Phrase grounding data
• • • • • • •
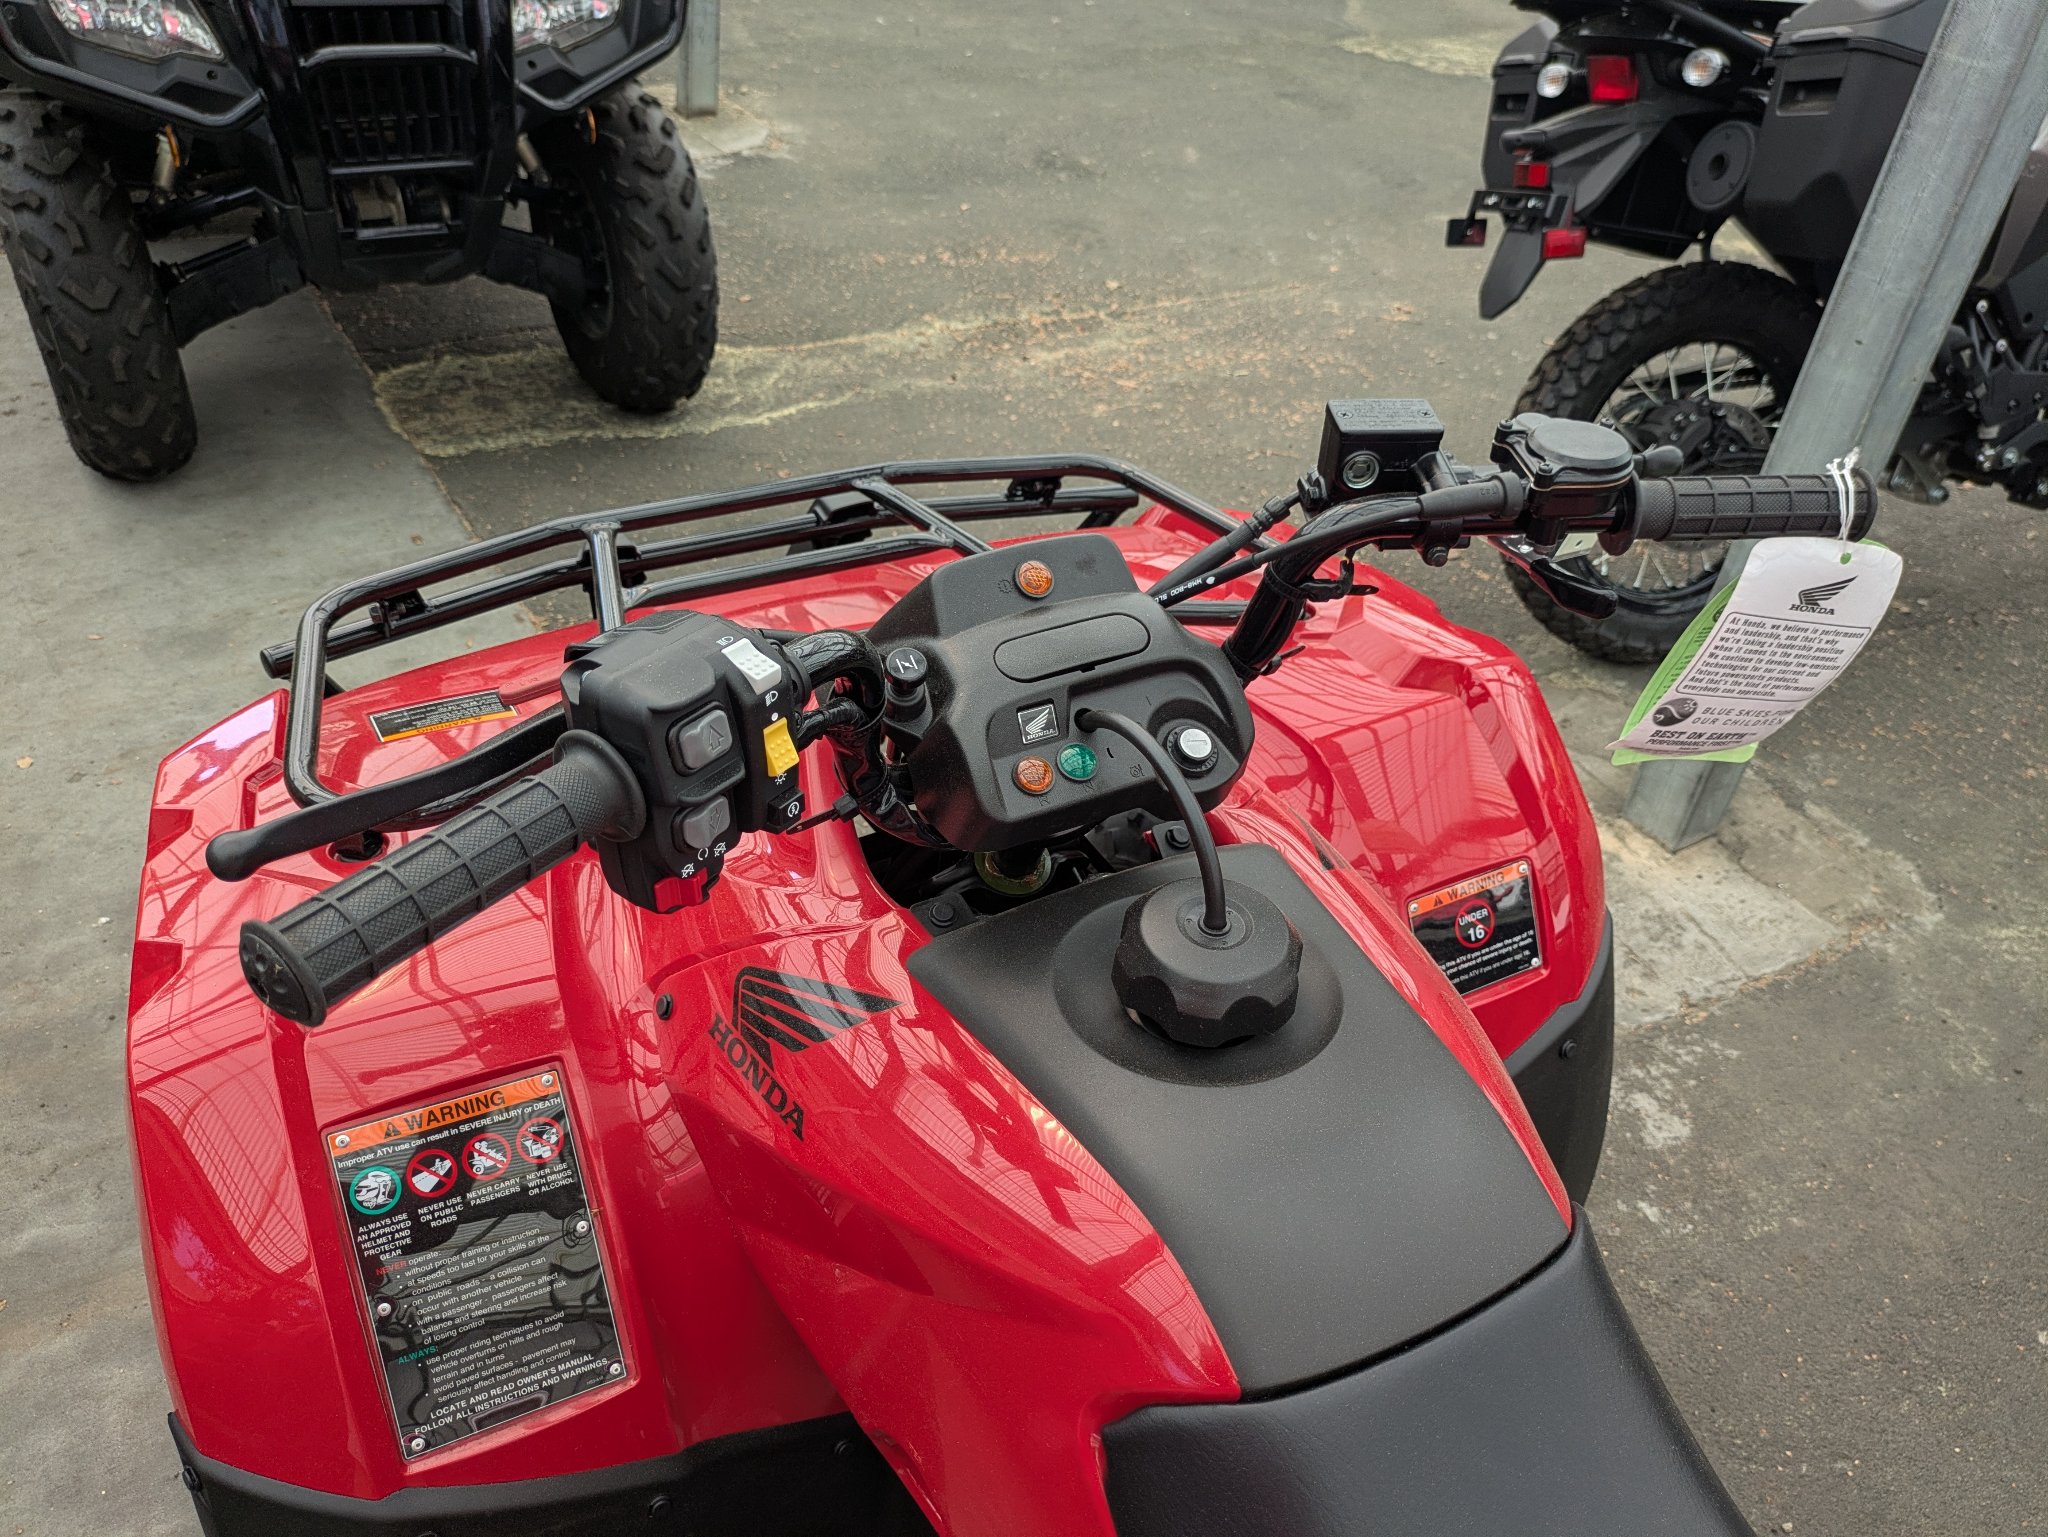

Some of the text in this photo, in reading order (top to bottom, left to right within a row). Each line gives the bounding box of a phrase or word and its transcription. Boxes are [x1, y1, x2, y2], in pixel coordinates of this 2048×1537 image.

[1789, 604, 1835, 615] HONDA
[1723, 626, 1740, 634] and
[1823, 638, 1838, 647] why
[1729, 617, 1741, 625] At
[1783, 624, 1809, 633] believe
[1820, 628, 1862, 640] performance
[1712, 644, 1733, 652] when
[1741, 638, 1766, 647] taking
[1774, 641, 1813, 652] leadership
[1814, 646, 1843, 655] position
[1702, 707, 1734, 716] BLUE
[1738, 709, 1768, 718] SKIES
[1722, 717, 1785, 726] CHILDREN
[1650, 730, 1685, 738] BEST
[1686, 731, 1707, 739] ON
[1447, 872, 1505, 900] WARNING
[1459, 908, 1489, 926] UNDER
[1468, 925, 1485, 942] 16
[707, 1013, 804, 1142] HONDA
[404, 1089, 505, 1132] WARNING
[338, 1151, 374, 1169] Improper
[375, 1146, 393, 1156] ATV
[394, 1142, 409, 1151] use
[410, 1137, 425, 1146] can
[426, 1129, 449, 1141] result
[450, 1126, 458, 1134] in
[458, 1116, 492, 1131] SEVERE
[493, 1107, 522, 1121] INJURY
[533, 1096, 560, 1109] DEATH
[526, 1162, 567, 1180] NEVER USE
[527, 1169, 572, 1188] WITH DRUGS
[465, 1176, 520, 1199] NEVER CARRY
[470, 1185, 520, 1206] PASSENGERS
[528, 1176, 574, 1196] OR ALCOHOL
[417, 1195, 462, 1215] NEVER USE
[420, 1203, 463, 1223] ON PUBLIC
[356, 1219, 412, 1242] AN APPROVED
[358, 1212, 408, 1233] ALWAYS USE
[430, 1214, 457, 1228] ROADS
[361, 1228, 411, 1250] HELMET AND
[363, 1236, 411, 1257] PROTECTIVE
[375, 1249, 441, 1275] NEVER operate:
[379, 1248, 401, 1261] GEAR
[404, 1262, 433, 1276] without
[434, 1254, 459, 1268] proper
[461, 1243, 490, 1259] training
[501, 1227, 539, 1244] instruction
[407, 1278, 415, 1286] at
[416, 1268, 445, 1284] speeds
[446, 1263, 459, 1273] too
[460, 1258, 475, 1268] fast
[477, 1254, 487, 1263] for
[489, 1249, 506, 1260] your
[507, 1241, 526, 1252] skills
[537, 1233, 549, 1243] the
[411, 1276, 451, 1296] conditions
[412, 1298, 423, 1306] on
[427, 1287, 452, 1302] public
[456, 1277, 480, 1291] roads
[496, 1261, 529, 1277] collision
[530, 1256, 545, 1265] can
[416, 1274, 522, 1315] occur with another vehicle
[416, 1314, 432, 1326] with
[441, 1298, 483, 1318] passenger
[491, 1280, 536, 1301] passengers
[537, 1271, 558, 1284] affect
[421, 1278, 566, 1334] balance and steering and increase risk
[423, 1317, 485, 1344] of losing control
[426, 1310, 564, 1365] use proper riding techniques to avoid
[397, 1344, 438, 1365] ALWAYS:
[430, 1320, 563, 1374] vehicle overturns on hills and rough
[432, 1352, 505, 1384] terrain and in turns
[433, 1337, 576, 1394] avoid paved surfaces pavement may
[437, 1348, 570, 1404] seriously affect handling and control
[414, 1356, 609, 1435] FOLLOW ALL INSTRUCTIONS AND WARNINGS.
[430, 1352, 593, 1419] LOCATE AND READ OWNER'S MANUAL
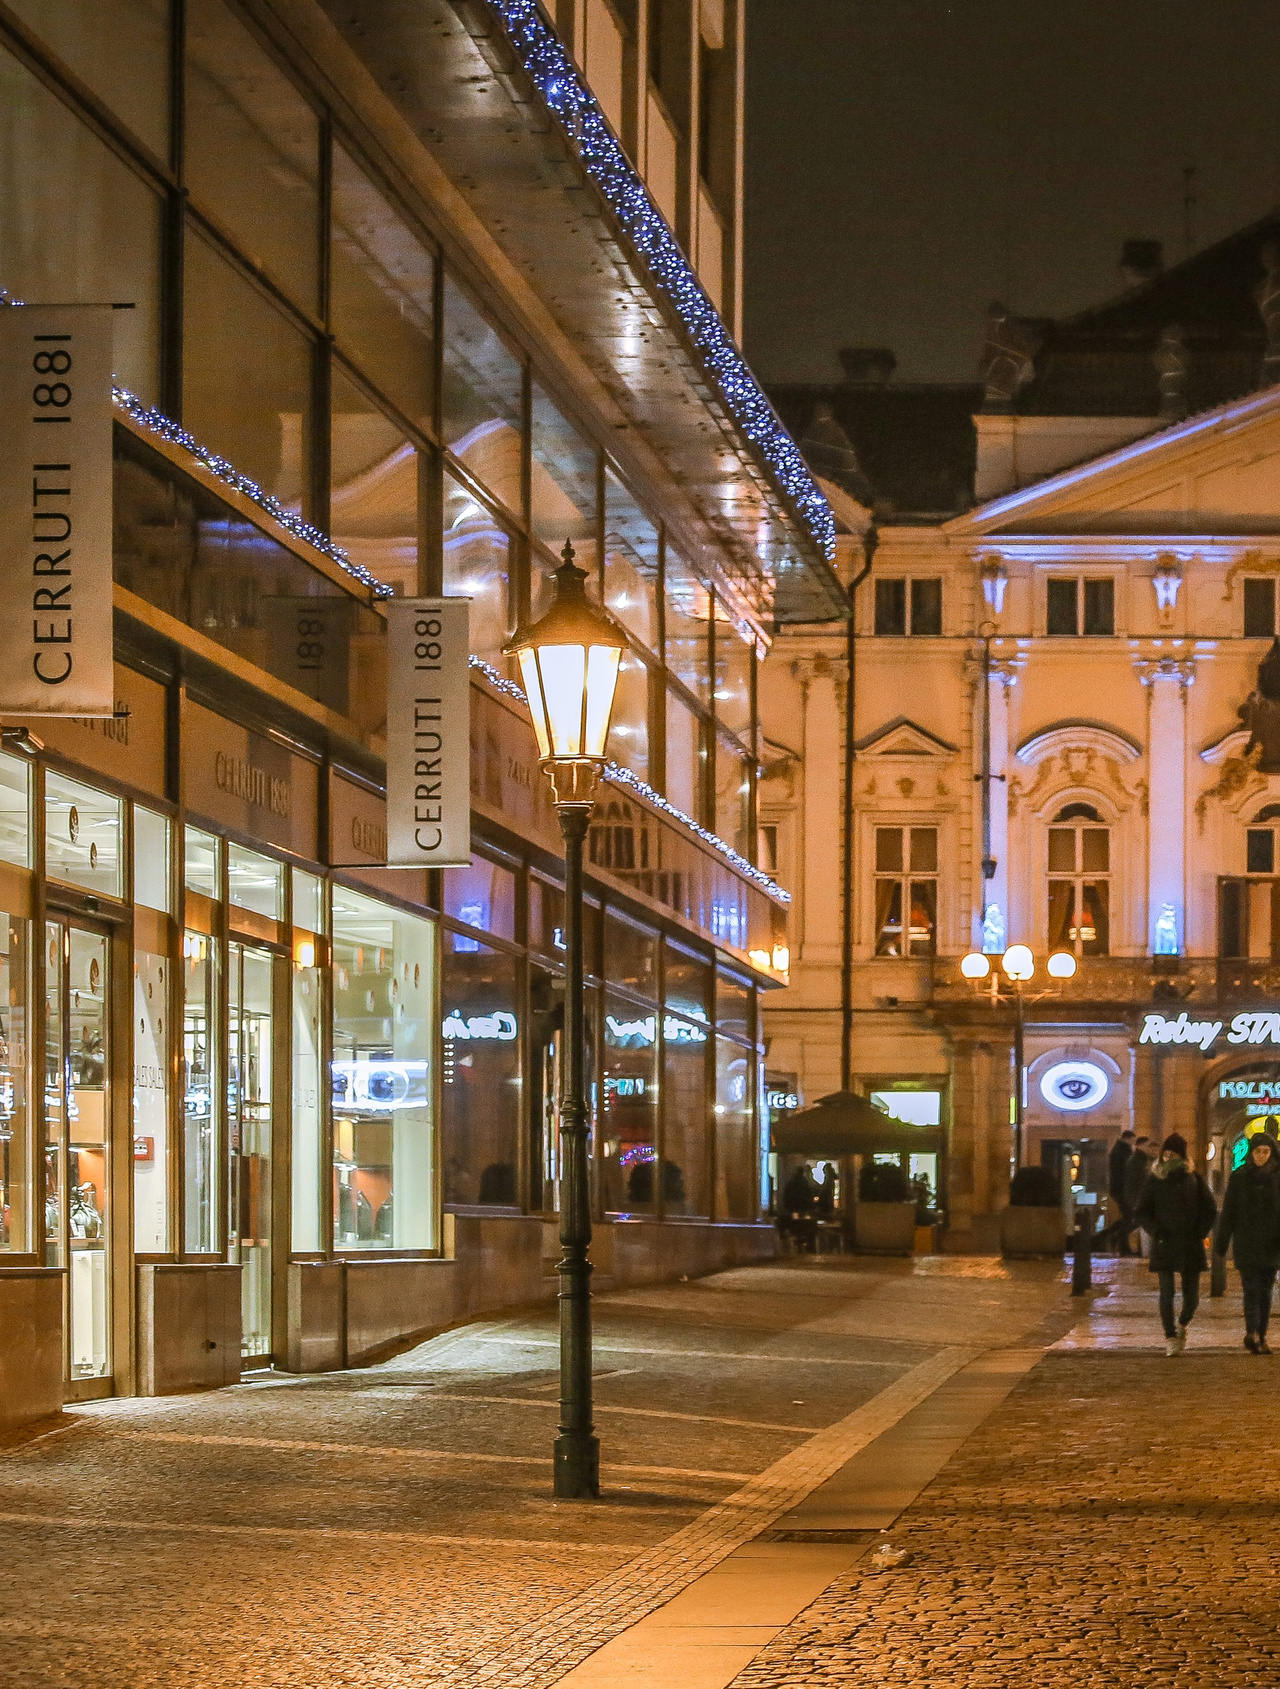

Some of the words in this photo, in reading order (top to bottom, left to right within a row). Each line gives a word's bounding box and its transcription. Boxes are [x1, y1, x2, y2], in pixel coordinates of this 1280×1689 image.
• • • • • • •
_WORK TO BE COMPLETED_: Set down the entries again without change. Leave the pictures out.

_COMPLETED TASK_:
Some of the text in this photo, in reading order (top to bottom, left to right within a row). Each line gives the bounding box of a phrase or word and its transcription. Boxes are [x1, y1, x2, y2], in pixel coordinates of this 2048×1537 image.

[1789, 604, 1835, 615] HONDA
[1723, 626, 1740, 634] and
[1823, 638, 1838, 647] why
[1729, 617, 1741, 625] At
[1783, 624, 1809, 633] believe
[1820, 628, 1862, 640] performance
[1712, 644, 1733, 652] when
[1741, 638, 1766, 647] taking
[1774, 641, 1813, 652] leadership
[1814, 646, 1843, 655] position
[1702, 707, 1734, 716] BLUE
[1738, 709, 1768, 718] SKIES
[1722, 717, 1785, 726] CHILDREN
[1650, 730, 1685, 738] BEST
[1686, 731, 1707, 739] ON
[1447, 872, 1505, 900] WARNING
[1459, 908, 1489, 926] UNDER
[1468, 925, 1485, 942] 16
[707, 1013, 804, 1142] HONDA
[404, 1089, 505, 1132] WARNING
[338, 1151, 374, 1169] Improper
[375, 1146, 393, 1156] ATV
[394, 1142, 409, 1151] use
[410, 1137, 425, 1146] can
[426, 1129, 449, 1141] result
[450, 1126, 458, 1134] in
[458, 1116, 492, 1131] SEVERE
[493, 1107, 522, 1121] INJURY
[533, 1096, 560, 1109] DEATH
[526, 1162, 567, 1180] NEVER USE
[527, 1169, 572, 1188] WITH DRUGS
[465, 1176, 520, 1199] NEVER CARRY
[470, 1185, 520, 1206] PASSENGERS
[528, 1176, 574, 1196] OR ALCOHOL
[417, 1195, 462, 1215] NEVER USE
[420, 1203, 463, 1223] ON PUBLIC
[356, 1219, 412, 1242] AN APPROVED
[358, 1212, 408, 1233] ALWAYS USE
[430, 1214, 457, 1228] ROADS
[361, 1228, 411, 1250] HELMET AND
[363, 1236, 411, 1257] PROTECTIVE
[375, 1249, 441, 1275] NEVER operate:
[379, 1248, 401, 1261] GEAR
[404, 1262, 433, 1276] without
[434, 1254, 459, 1268] proper
[461, 1243, 490, 1259] training
[501, 1227, 539, 1244] instruction
[407, 1278, 415, 1286] at
[416, 1268, 445, 1284] speeds
[446, 1263, 459, 1273] too
[460, 1258, 475, 1268] fast
[477, 1254, 487, 1263] for
[489, 1249, 506, 1260] your
[507, 1241, 526, 1252] skills
[537, 1233, 549, 1243] the
[411, 1276, 451, 1296] conditions
[412, 1298, 423, 1306] on
[427, 1287, 452, 1302] public
[456, 1277, 480, 1291] roads
[496, 1261, 529, 1277] collision
[530, 1256, 545, 1265] can
[416, 1274, 522, 1315] occur with another vehicle
[416, 1314, 432, 1326] with
[441, 1298, 483, 1318] passenger
[491, 1280, 536, 1301] passengers
[537, 1271, 558, 1284] affect
[421, 1278, 566, 1334] balance and steering and increase risk
[423, 1317, 485, 1344] of losing control
[426, 1310, 564, 1365] use proper riding techniques to avoid
[397, 1344, 438, 1365] ALWAYS:
[430, 1320, 563, 1374] vehicle overturns on hills and rough
[432, 1352, 505, 1384] terrain and in turns
[433, 1337, 576, 1394] avoid paved surfaces pavement may
[437, 1348, 570, 1404] seriously affect handling and control
[414, 1356, 609, 1435] FOLLOW ALL INSTRUCTIONS AND WARNINGS.
[430, 1352, 593, 1419] LOCATE AND READ OWNER'S MANUAL

Some of the words in this photo, in reading order (top to bottom, left to right within a row). Each line gives a word's bounding box and its transcription. Boxes are [x1, y1, x2, y2], in pixel coordinates of this 1280×1689 image.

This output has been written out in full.